Futures Rise As More Weak Chinese Data Prompts More Stimulus Hopes

If there was one thing that the market was demanding after last night’s disappointing March HSBC manufacturing PMI, which has now fallen so low, local market participants are convinced a stimulus is imminent (despite China’s own warnings not to expect this), and sent both the SHCOMP and the CNY surging, it would have been further weak data out of Europe, where the other possible, if not probable, “QE-stimulus” bank is located now that the Fed is in full taper mode. It didn’t get precisely that however there was a step in the right direction when overnight the Euro area Composite Flash PMI eased marginally from 53.3 to 53.2 in March, largely as expected. The country breakdown showed a narrowing of the Germany/France Composite PMI gap owing to a notable (3.7pt) increase in the French PMI while the German PMI eased somewhat (1.4pt). On the basis of past correlations, a Euro area Composite PMI of 53.2 is consistent with GDP growth of around +0.4%qoq, slightly stronger than our Current Activity Indicator (+0.35%qoq).

The breakdown for Eurozone manufacturing is shown in the charts below:

 

So for those wondering why futures are no up and set to fill the gap from Friday’s surprising late day tumble, now you know – more bad news masked with hopes that central banks will come in and fix things and this time it may actually work.

Other weekend headlines were relatively few and far between but there was some focus on French local elections, the ECB, geopolitical tensions in various pockets of the globe and ongoing corporate distress in China. Starting with France the far-right National Front party made significant gains in local elections in what is being spun as a backlash against Francois Hollande’s policies. The National Front party is reportedly ahead in some towns including the northern town of Henin-Beaumont which has historically voted for the left. All in all, the National Front is predicted to win half a dozen towns after next Sunday’s round two run-offs (Reuters). In terms of the ECB, Vice President Vitor Constancio, speaking on Saturday at a Fed-sponsored conference, said that the ECB will not adopt threshold-based rate guidance. Constancio also remarked that markets had mostly missed that the ECB actually strengthened its forward guidance at the March meeting, tying its accommodative stance to the closure of slack in the economy. In Ukraine, NATO’s commander in Europe warned on Sunday that Russian forces just to the east of Ukraine were “very, very sizeable and very, very ready”. This came after pro-Russian forces seized a couple more of the remaining military bases in Crimea held by Ukrainian troops on the weekend. In Asia, there were reports that more Chinese onshorebonds will be suspended from trading after the Chinese corporate reporting season concludes in March-April. Indeed there is talk that some 24 bonds from 19 Chinese domestic issuers are in danger of having their bonds suspended in the near future (IFR).

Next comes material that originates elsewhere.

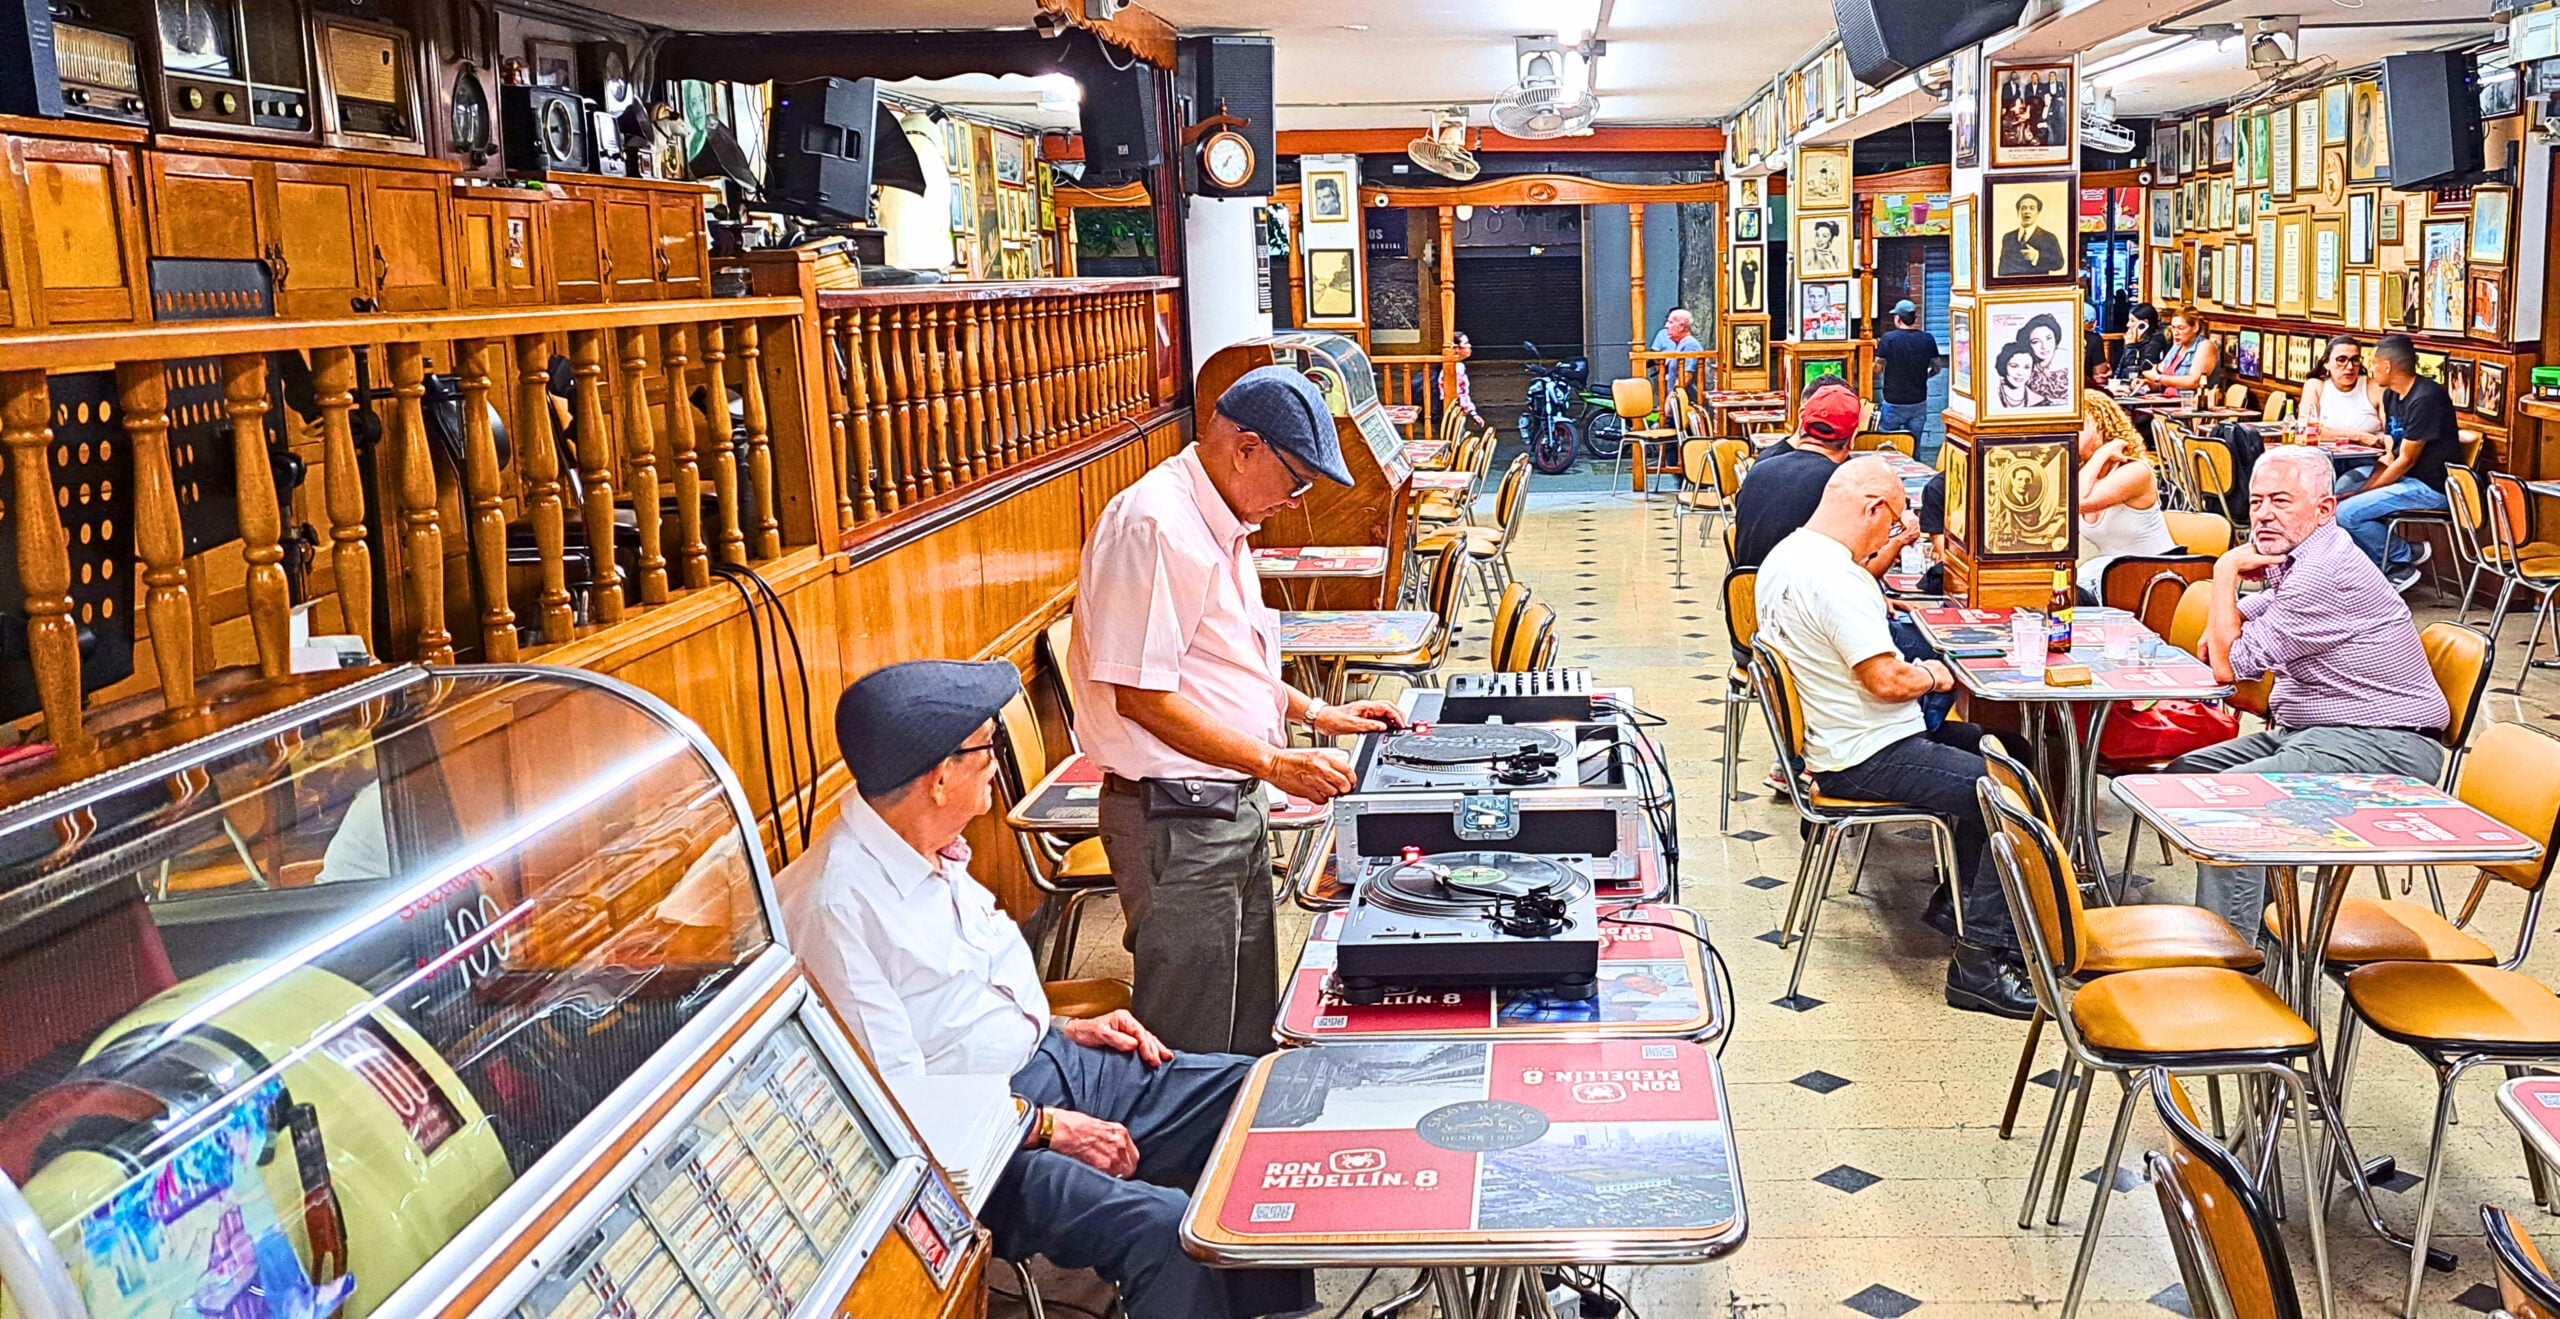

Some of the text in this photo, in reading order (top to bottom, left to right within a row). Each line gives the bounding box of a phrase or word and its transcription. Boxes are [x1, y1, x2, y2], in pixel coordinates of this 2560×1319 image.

Headline bulletin from RanSquawk and Bloomberg

  • Treasuries decline, 10Y yield holding just above 100-DMA; 5Y at highest since Jan. 9 before U.S. sells $109b in 2Y fixed/FRN, 5Y and 7Y notes beginning tomorrow.
  • China’s manufacturing weakened for a fifth straight month, with the HSBC/Markit PMI dropping to 48.1 from 48.5, est 48.7
  • Chinese stocks rebounded from initial losses on speculation that weakening growth will prompt policy makers to reconsider their aversion to broad stimulus measures
  • Ukraine’s foreign minister said the risk of war with Russia was growing as world leaders gather in The Hague to discuss  the situation amid growing concern over a Russian buildup on its neighbor’s border as pro-Kremlin troops seized a Ukrainian base in Crimea
  • Growth in euro-area manufacturing and services stayed close to the fastest since 2011 in March as France improved
  • Fang Fang, JPMorgan’s CEO of investment banking for China, is leaving after more than 12 years at the firm
  • Sovereign yields mostly higher. Asian equities rise, Nikkei +1.8%, Shanghai +0.9%. European equity markets decline U.S. stock-index futures gain.  WTI crude and copper steady, gold lower

US Economic Calendar

  • 8:30am: Chicago Fed National Activity Index, Feb.,  est. 0.10 (prior -0.39)
  • 9:45am: Markit U.S. PMI Preliminary, March, est. 56.5 (prior 57.1
  • 9:00am: Fed’s Stein speaks in Washington Supply
  • 11:00am: Fed to purchase $500m-$750m notes in 2024-2031 sector

The complete overnight recap from DB’s Jim Reid

Overnight the preliminary HSBC Chinese manufacturing PMI for March was released which disappointed relative to market expectations (48.1 vs 48.7 expected). The PMI is down 0.4 pts MoM and down 3.5 pts YoY which is disappointing to those who expected the PMI to bounce back after potential  Lunar New Year seasonal distortions in January and February’s data. Asian stocks and credit edged lower following the data but overall the market reaction has been limited, potentially because the weak PMI has renewed calls for the Chinese authorities to expand fiscal spending this year. We note though  hat the Chinese Finance Minister Lou Jiwei ruled out large fiscal stimulus in a speech at a development forum in Beijing yesterday, instead stressing Beijing’s commitment to carrying out reforms. The Nikkei (+1.9%) is leading gains in Asia after reopening from its long weekend, and Chinese banking stocks are underpinning the Shanghai Composite (+0.5%). Chinese bank stocks have been buoyed by news that the government may allow banks to issue preference shares to open up an additional source of funding. The underperformers post-PMI are copper futures (-0.3%) and the AUDUSD (- 0.05%) but initial losses have been pared.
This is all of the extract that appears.